A while ago I mentioned that I would revisit a passage that piqued my interest.
It's from Barbara Gowdy's book The Romantic. Let me refresh you -- and keep in mind, this is spoken by one of her characters, in an essay he had written:
Life is oblivion erupting, for a brief moment, into non-oblivion in order so that oblivion may proclaim: 'I am.' The assumption being, of course, that living things are aware enough to make such a proclamation. Let us suppose that they are. Let us suppose that they are, to a degree, self-aware. This makes for the possibility of life recognizing itself, yes, but not as oblivion, only as life. In order for life to recognize itself as a fleeting pulse of oblivion, self-awareness must be refined into pure awareness, which is observation unimpaired by either ego or preconceptions.

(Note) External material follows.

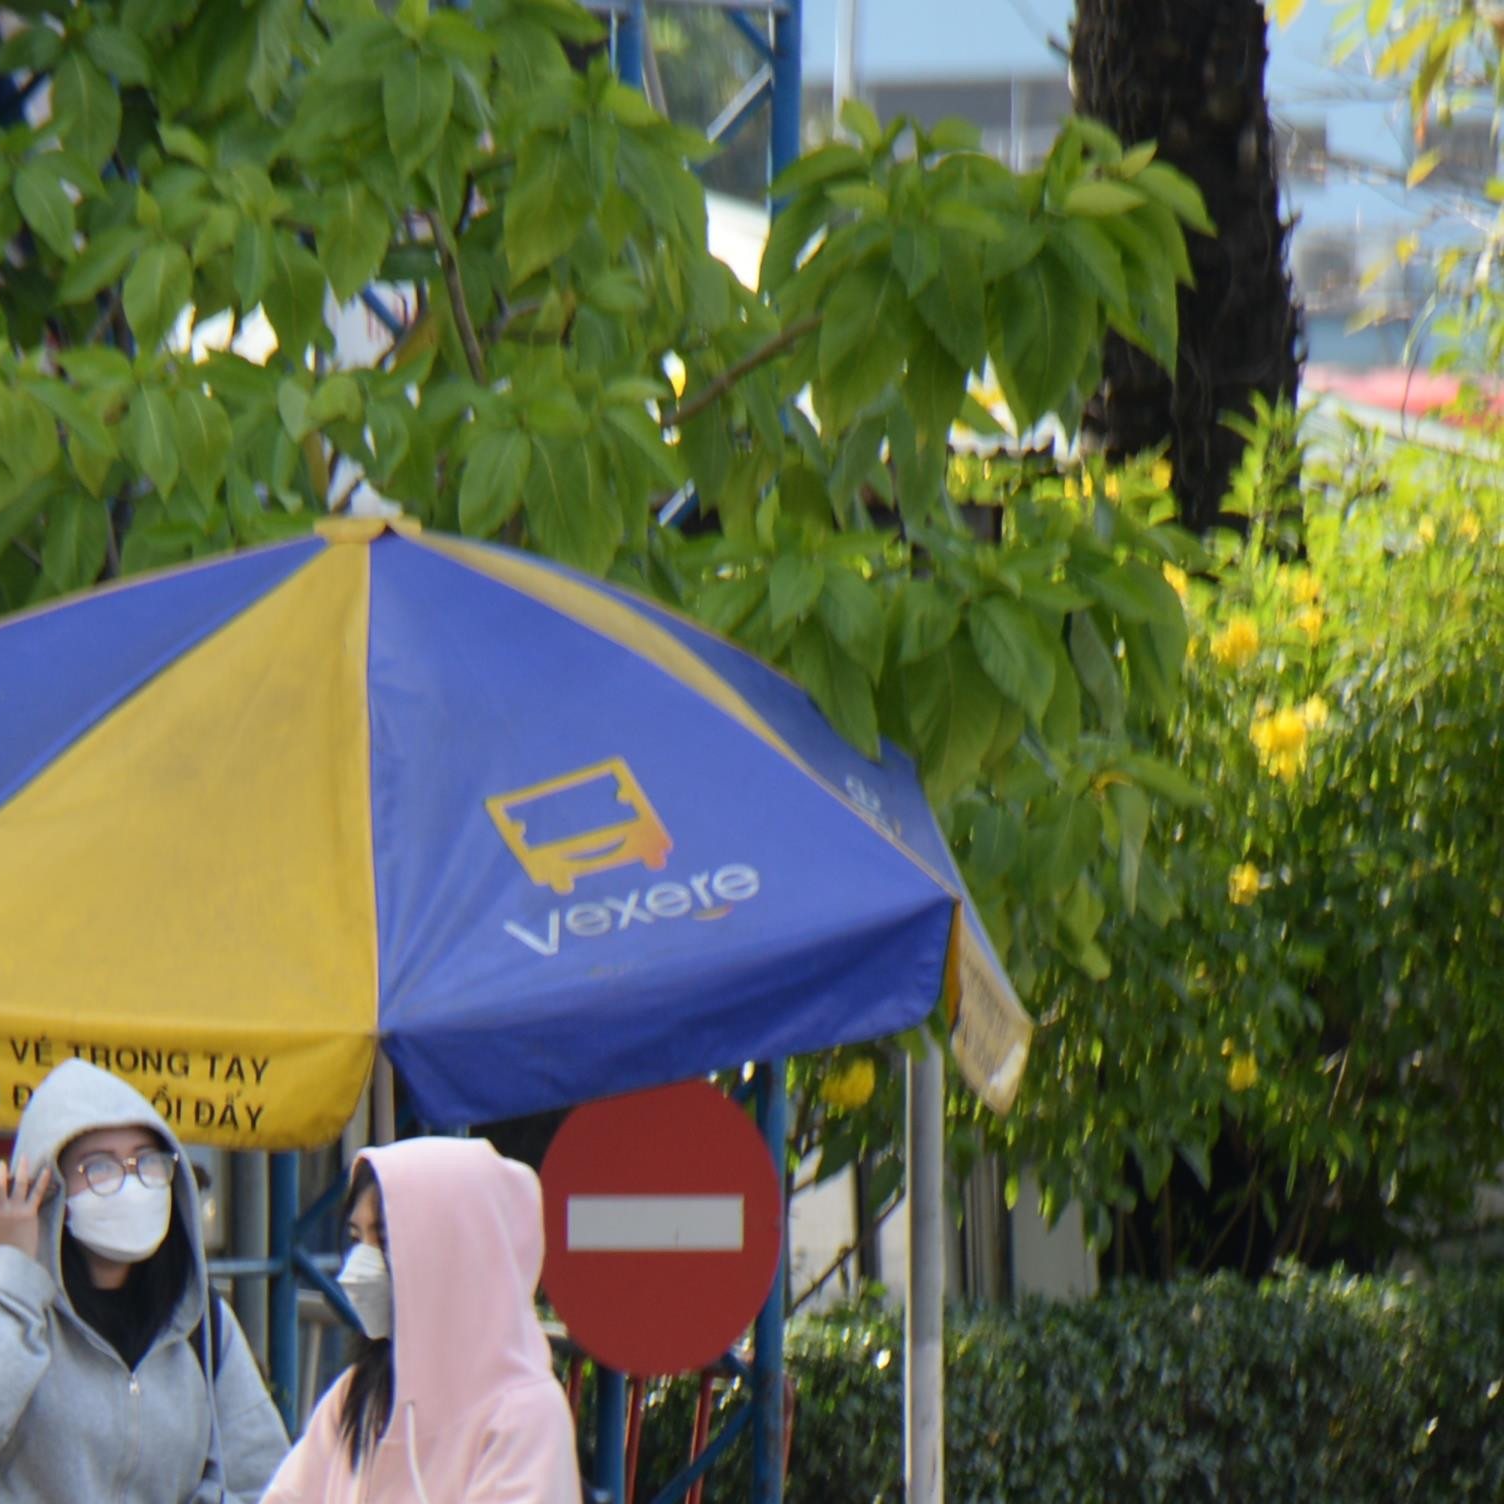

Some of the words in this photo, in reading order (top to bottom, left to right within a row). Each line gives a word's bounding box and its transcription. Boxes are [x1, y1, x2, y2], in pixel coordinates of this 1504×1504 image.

This passage does nothing to "explain" the state of existence, no.
No passage can!
But, in my humble opinion, it does serve a very important purpose in any discussion of the essence of existence.
For one thing, it highlights the fact that any understanding [if there can be such a thing] of Existence must preclude our own.
Our own what? Our own --> "existence." I mean, as human beings, as homo sapiens.
The universe is not here because we are. We are, because it is!
Maybe it is inaccurate to use the phrase "preclude" our own [existence]. Preclusion connotes impossibility. Let me rephrase and say, "Any objective [rationally justifiable] understanding of Existence must apply, were we ourselves [as sentient beings] existent or not."
Those last two words ["or not"] are infinitely important.
Because let's face it --> at one point in the distant past, we [human beings] were non-existent. To believe otherwise is, well, sort of crazy. So….. there was a point in space-time [pre-human Existence] when we were simply not here to ask questions of why we are now here.
And now -- we ARE here. Hence, we ask the questions of why.
But before the first [human] mind evolved to a place where the question could be asked, an understanding of what the actual answer to the question "is" was already in existence.
There was an Observer before any human being observed.
This entity [notice, not a "being"… but an "entity"] is what Gowdy's character is calling in his essay --> "pure awareness."
I believe he is very much on to something.
This entity exists whether we exist or not.
In my opinion, the failure of religion [those religions that depend upon an external being… the Grandfather In The Sky scenario]… the failure of religion is to anthropomorphize this entity -- this Prior Existence or Prior Awareness -- and assume that the Entity is "like" us.
The Prior Awareness is not "like" us. Nor are we "like" The Prior Awareness.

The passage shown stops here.